After 48-hour culture in the 4i medium, cells are dissociated and inoculated to the microwell plate, which has wells 400 µm in size (2.4). Although this commercially available microwell plate is coated for low-adhesion surface by the manufacturer, fresh re-coating with detergent (2.4.3) is recommended to reduce the risk of unwanted cell adhesion. 800 µm microwells resulted in reduced yield of hPGCLCs, suggesting the importance of EB size for properly directed differentiation. Cells inoculated in the 4i medium will form EBs in microwells at 24-30 hours, which can be observed using a standard, inverted phase contrast microscope (Figure 5). The circular contour of EBs become clearly visible at and after 24 hours of incubation. Harvesting EBs at an earlier time (e.g., 16 hours after inoculation) before their circular contour is clearly visible is not recommended because such EBs are very vulnerable to mechanistic damages and easily dismantle. Note that significant amounts of naïve hiPSCs are NOT incorporated in EBs, which is normal. These unincorporated cells will be washed away before initiation of rocking culture of EBs on low-adherent surface (2.5.2). Also note that, in our protocol, EBs are formed in the 4i naïve pluripotency medium - not in the hPGCLC medium. Pre-formation of solid EBs in the 4i medium before exposure to the hPGCLC medium is important for distribution of hPGCLCs on the surface of EBs.
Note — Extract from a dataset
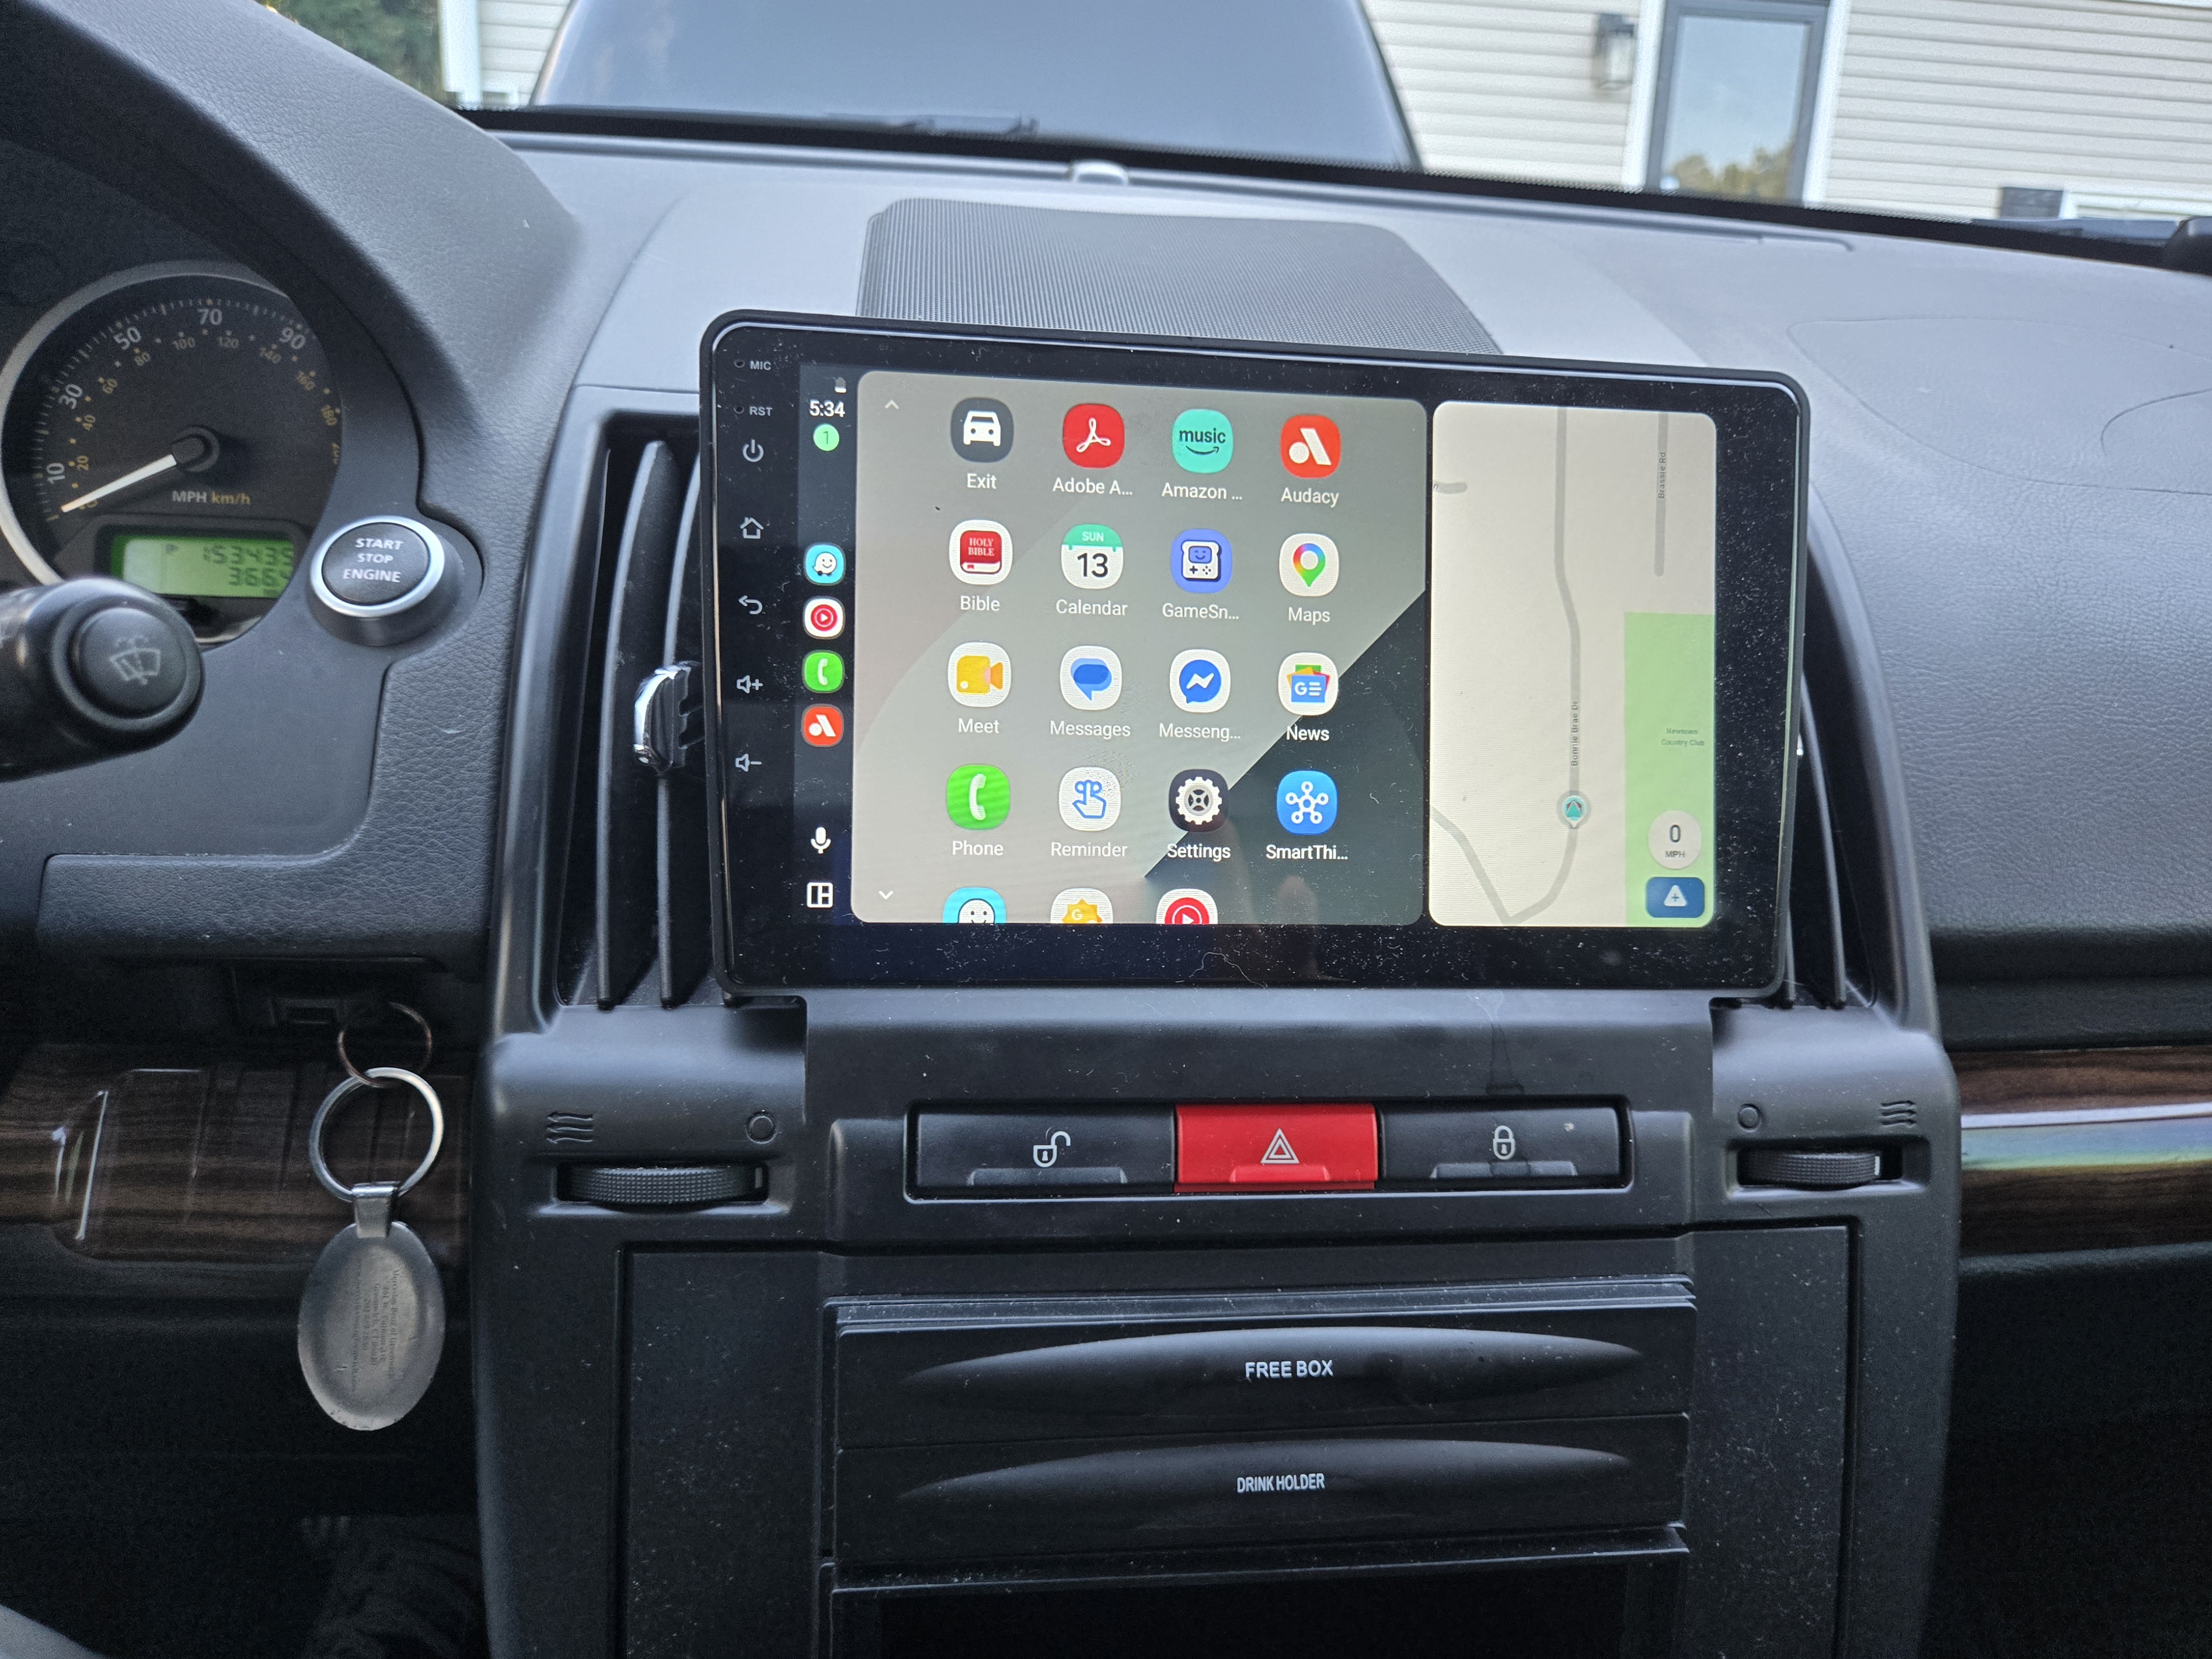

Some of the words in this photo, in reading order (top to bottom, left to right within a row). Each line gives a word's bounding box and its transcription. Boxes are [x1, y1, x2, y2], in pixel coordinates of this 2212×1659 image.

EBs maintained in the hPGCLC medium under a rocking, non-adherent culture condition will maintain their spherical shape without aggregation or fusion (Figure 6 and Figure 7). Too weak rocking condition will cause EB aggregation and fusion, but too harsh condition will dismantle EBs. Human PGCLCs emerge as OCT4-expressing cells on the surface of EBs after as early as the 5-day culture in the hPGCLC medium, and their number increases until the 8-day culture (Figure 8). Further incubation of EBs may cause dismantling of EBs and loss of hPGCLCs. Human PGCLCs can be enriched from enzymatically dissociated EB cells after 5-8 days of culture in the hPGCLC medium by FACS as CD38+ cells (Figure 9).
Figure 1: Human iPSC cell culture in Y27632-supplemented medium 24 hours after inoculation. Cell density is about 20-30% confluent. In the presence of ROCK inhibitor Y27632, cells tend to spread well with long, spike-like elongation. Scale bar = 100 μm. Please click here to view a larger version of this figure.
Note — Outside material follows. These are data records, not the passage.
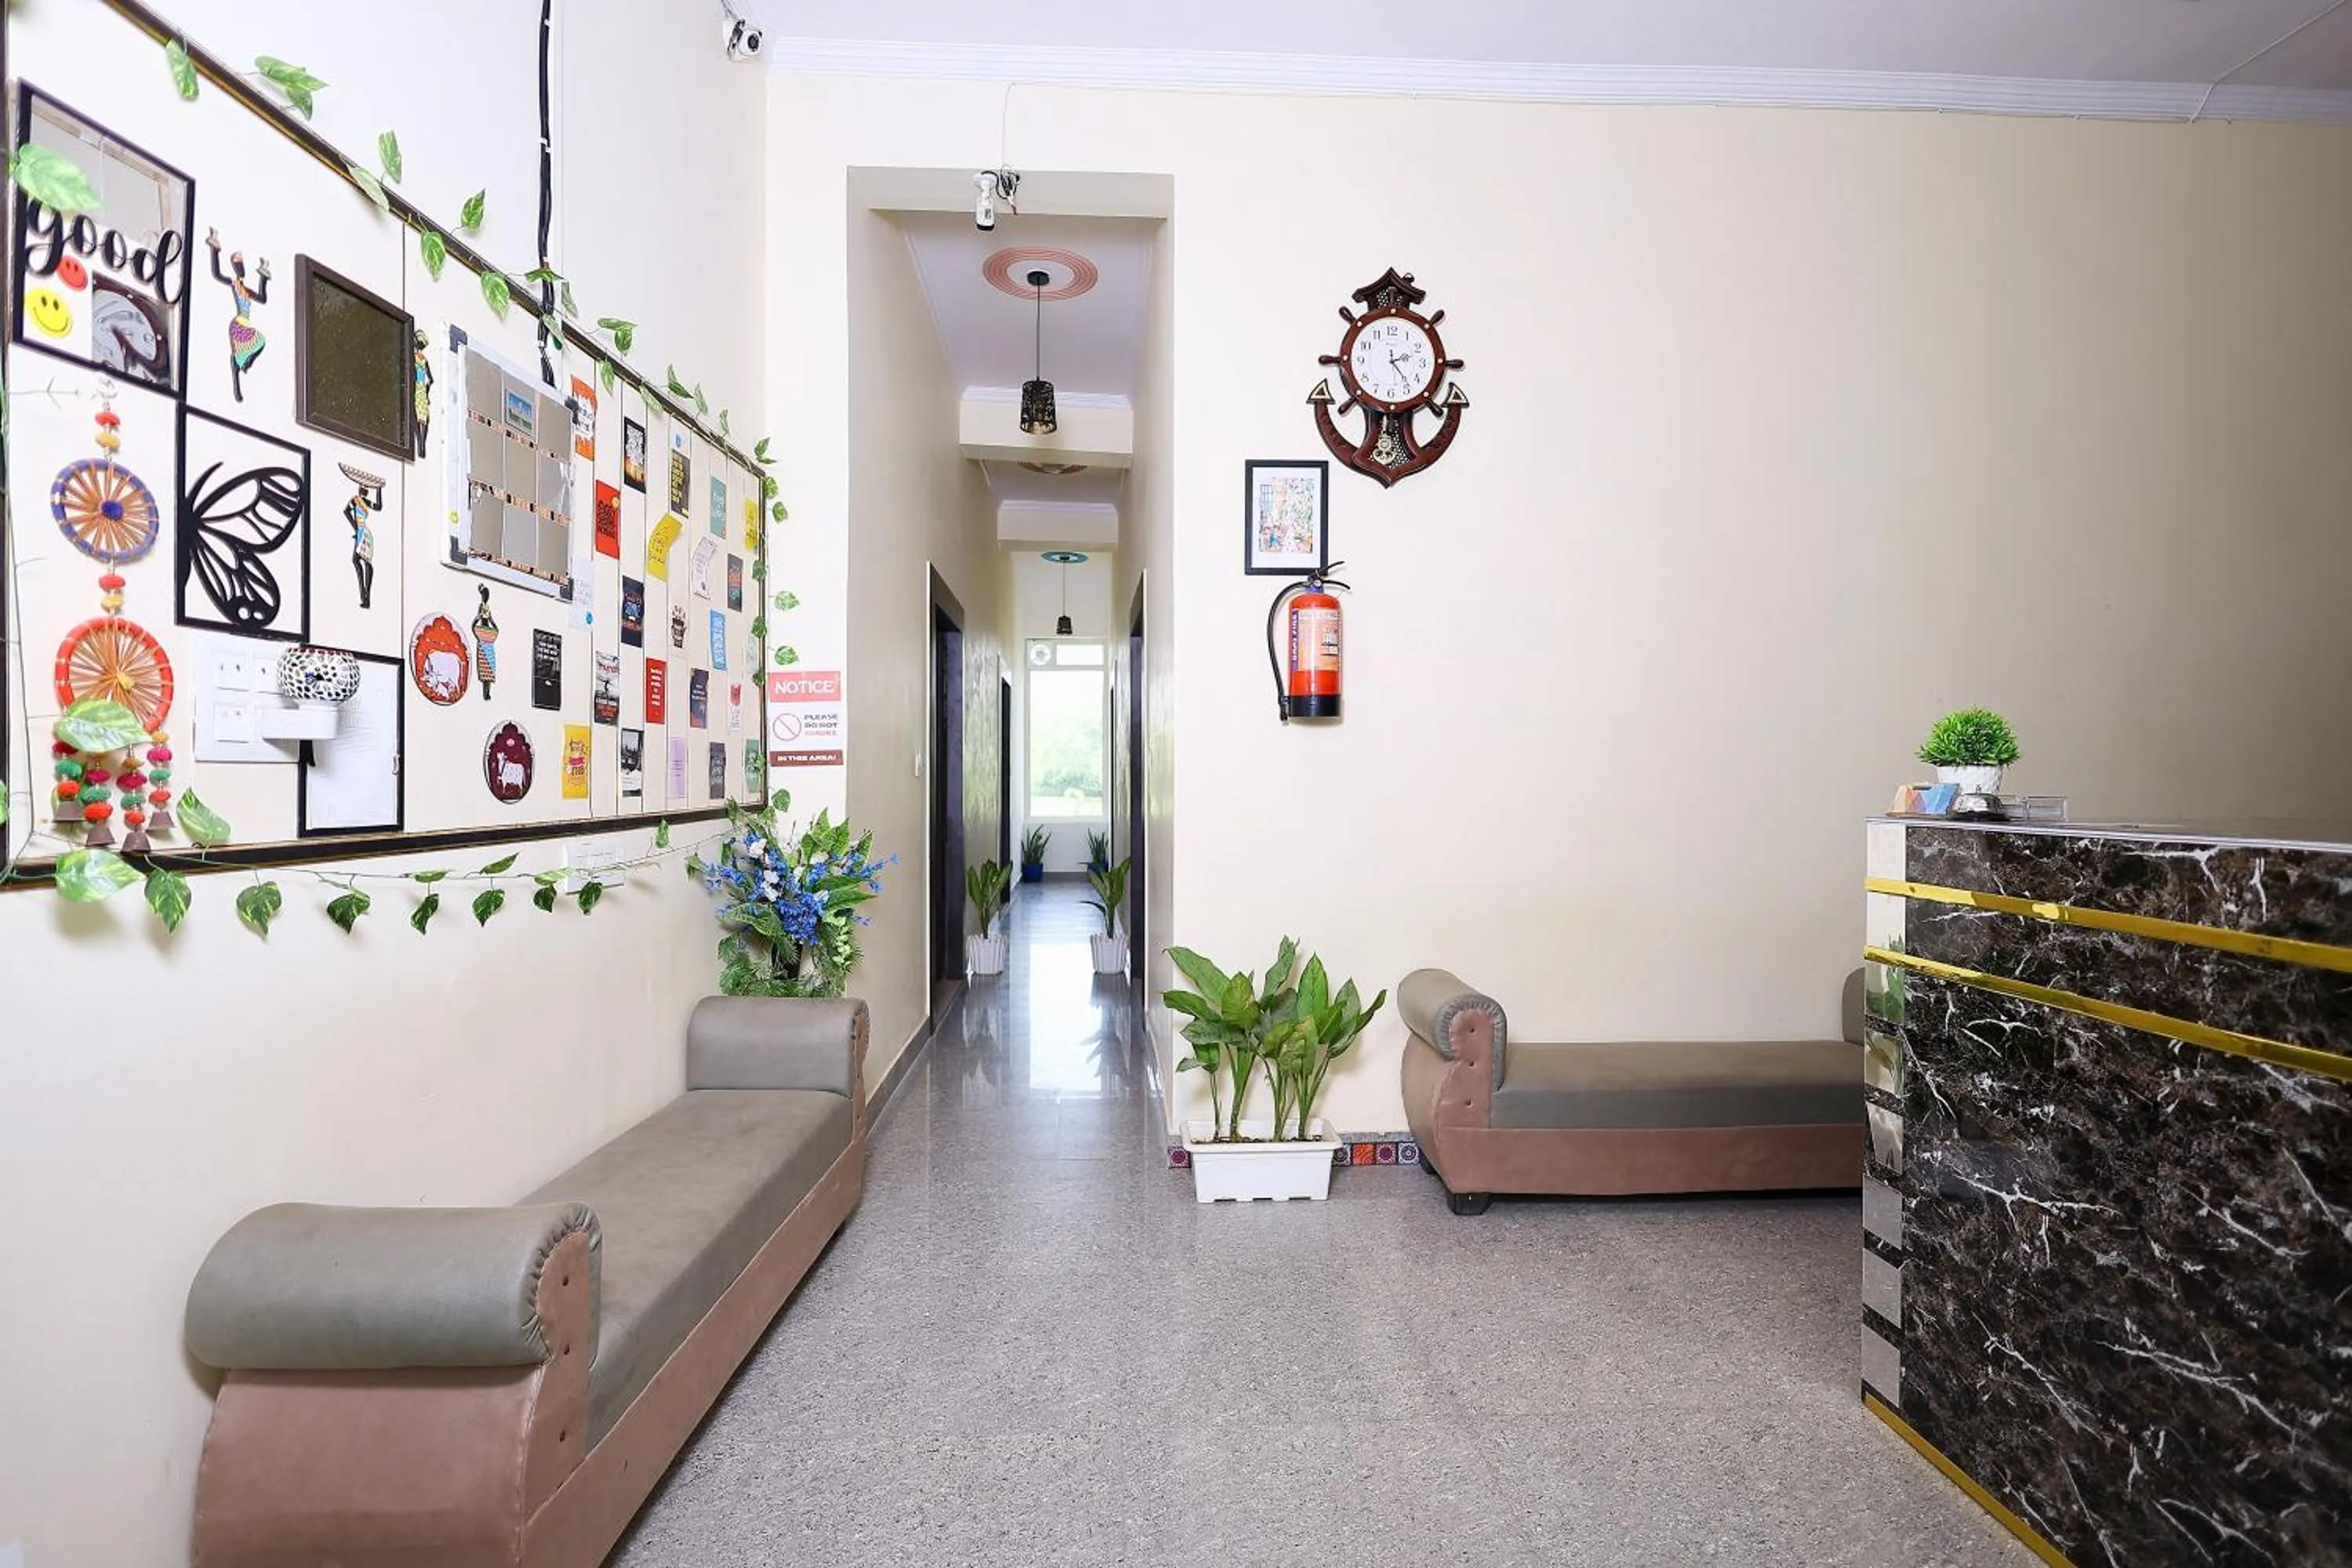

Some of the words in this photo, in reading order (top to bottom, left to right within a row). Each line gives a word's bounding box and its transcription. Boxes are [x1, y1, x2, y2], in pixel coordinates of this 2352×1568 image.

[25, 198, 183, 305] good
[1374, 330, 1381, 339] 11
[1387, 326, 1398, 336] 12
[1360, 341, 1371, 350] 10
[1414, 343, 1422, 353] 2
[1357, 356, 1365, 365] 9
[1418, 358, 1426, 368] 3
[1360, 373, 1370, 383] 8
[1414, 373, 1420, 383] 4
[1373, 383, 1379, 394] 7
[1387, 389, 1395, 398] 6
[1403, 384, 1410, 395] 5
[775, 680, 835, 695] NOTICE
Figure 2: Human iPSC cell culture 48 hours after inoculation. Cells aggregate to form colonies, occupying ~30% of growth area. Scale bar = 100 μm. Please click here to view a larger version of this figure.
Figure 3: Human iPSC cell culture incubated in the 4i reprogramming medium for 24 hours. Cells reach to confluency. Scale bar = 100 μm. Please click here to view a larger version of this figure.
Figure 4: Human iPSC cell culture incubated in the 4i reprogramming medium for 48 hours. Confluent cells are densely packed. Scale bar = 100 μm. Please click here to view a larger version of this figure.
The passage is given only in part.